Serverless best practice on AWS

Darren Harris Posted 13 July 2021

Whilst developing an AWS serverless solution recently to automate a number of DevOps related Key Performance Indicators (KPI), it occurred to me that I should eat my own dog food (drink my own champagne) and review the code in light of the documented best practices.

The application creates a JSON file which is stored on AWS S3 and contains the entries queried from the JIRA API from a specified query stored in an SSM parameter. It uses basic authentication using a generated Atlassian API token, also stored in a SSM parameter. Whilst this provides flexibility for the function to be used for multiple purposes the intention here is to feed this data into a QuickSight dashboard to provide the Lead Time for Changes KPI for my current project, along with widgets for the other 3 key metrics. The details of this will be the subject of another post to be published shortly.

The project uses the Serverless Application Model (SAM), primarily to allow for local testing of the code from my laptop but it also provides for a simple build and deployment process. SAM extends the CloudFormation templating, making is easy for anyone with CF experience to define an AWS Lambda function along with its associated events to trigger it.

You can access the full code from my GitHub account.
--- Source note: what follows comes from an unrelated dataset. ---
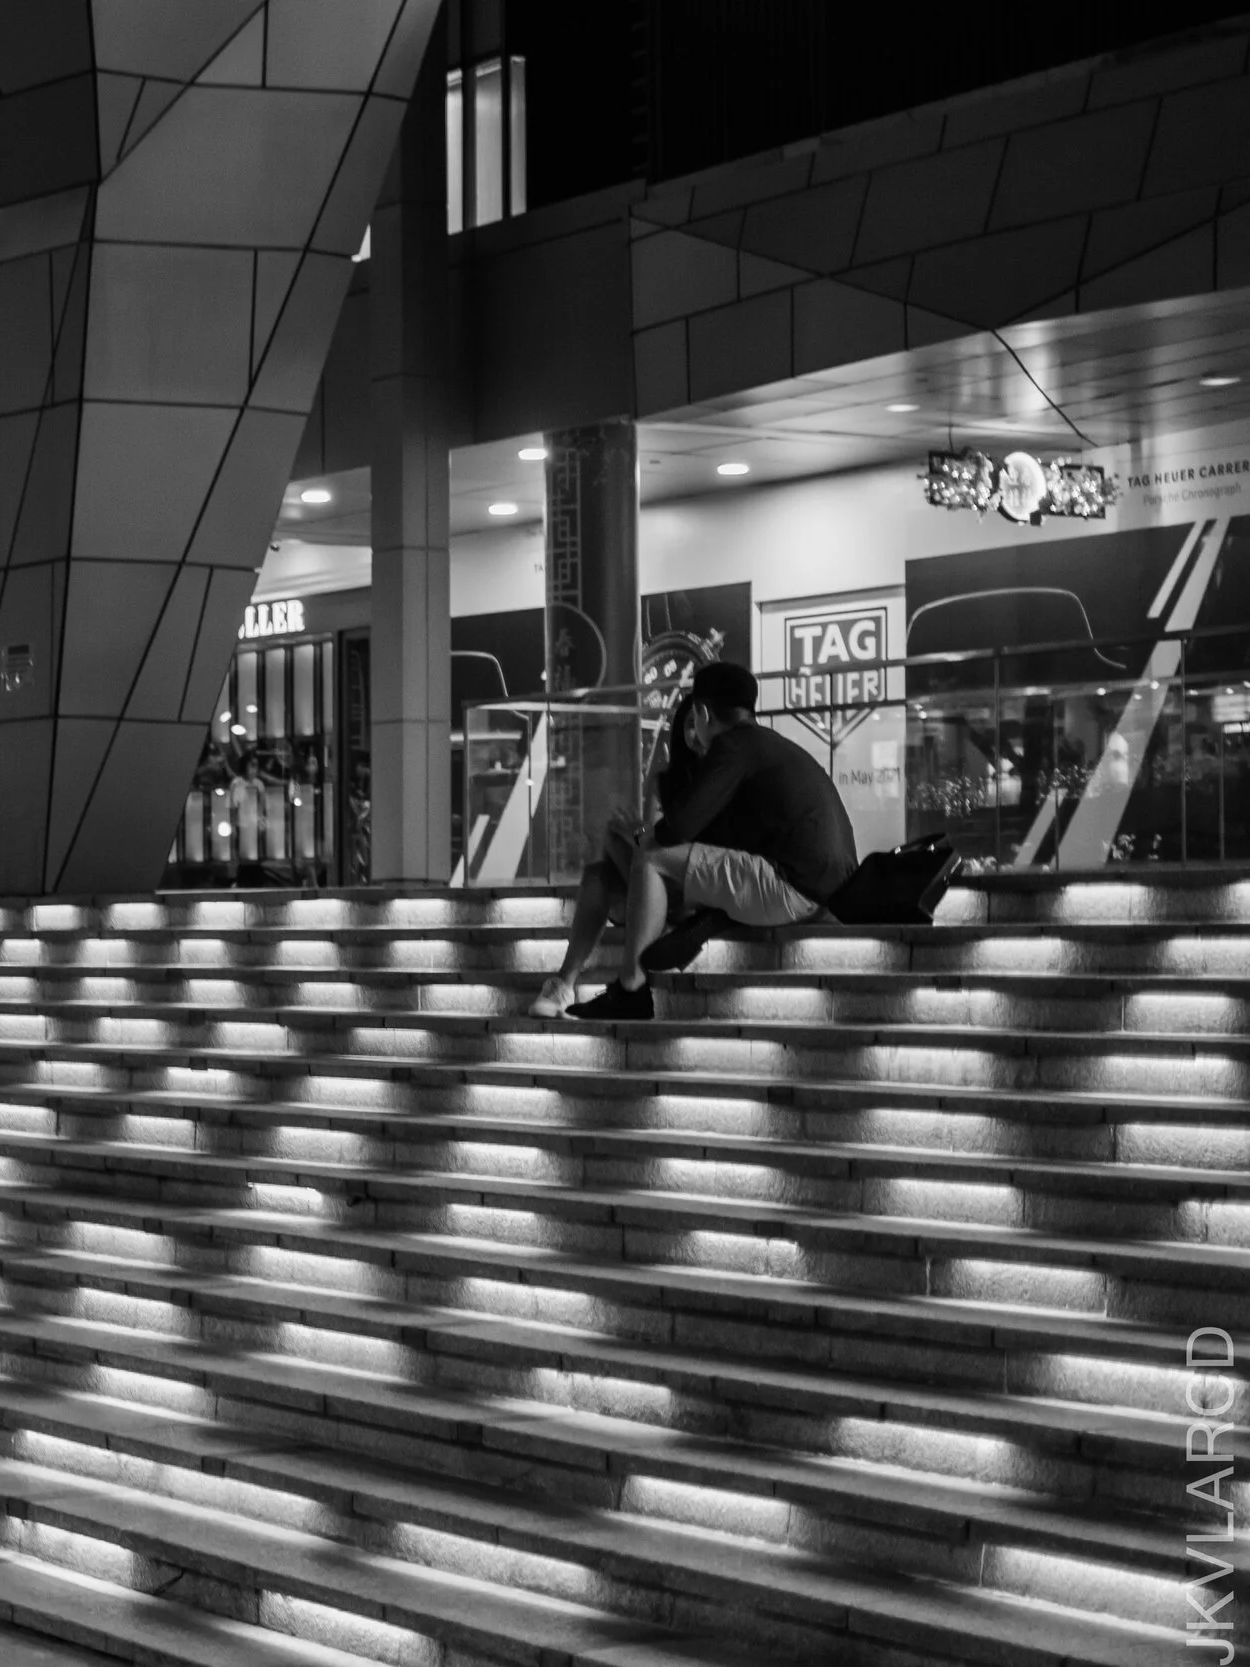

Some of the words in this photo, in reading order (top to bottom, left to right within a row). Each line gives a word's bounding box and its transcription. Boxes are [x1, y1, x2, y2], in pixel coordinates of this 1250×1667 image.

This article was originally published on LinkedIn by Darren Harris

Serverless best practice on AWS

1. Security - least privilege

Always use a least privilege based security policy by only providing access to the actions and resources that you need to perform the intended operations. It's too easy, particularly when specifying the resource, to just use a wildcard. So instead of:

- PolicyName: GetJIRADataSSMPathAccess
          PolicyDocument:
            Version: 2012-10-17
            Statement: 
              - Action: 
                  - ssm:*
                Resource: *
                Effect: Allow

Tie the policy down to just the actions that need to be performed and the specific resource that it needs to perform those action on:

- PolicyName: GetJIRADataSSMPathAccess
          PolicyDocument:
            Version: 2012-10-17
            Statement: 
              - Action:
                  ssm:DescribeParameters
                Resource: "*"
                Effect: Allow
              - Action: 
                  - ssm:GetParametersByPath
                Resource: !Join [':', ['arn:aws:ssm', !Ref AWS::Region, !Ref AWS::AccountId, 'parameter/getJIRAData/*']]
                Effect: Allow

2. Separate core logic from handler code

Separating out the logic into separate functions to make for independently testable code, it also makes it clear what the Lambda function is doing. And in this case, performing some initialisation (if necessary), getting the JIRA data and finally writing the returned issues to S3.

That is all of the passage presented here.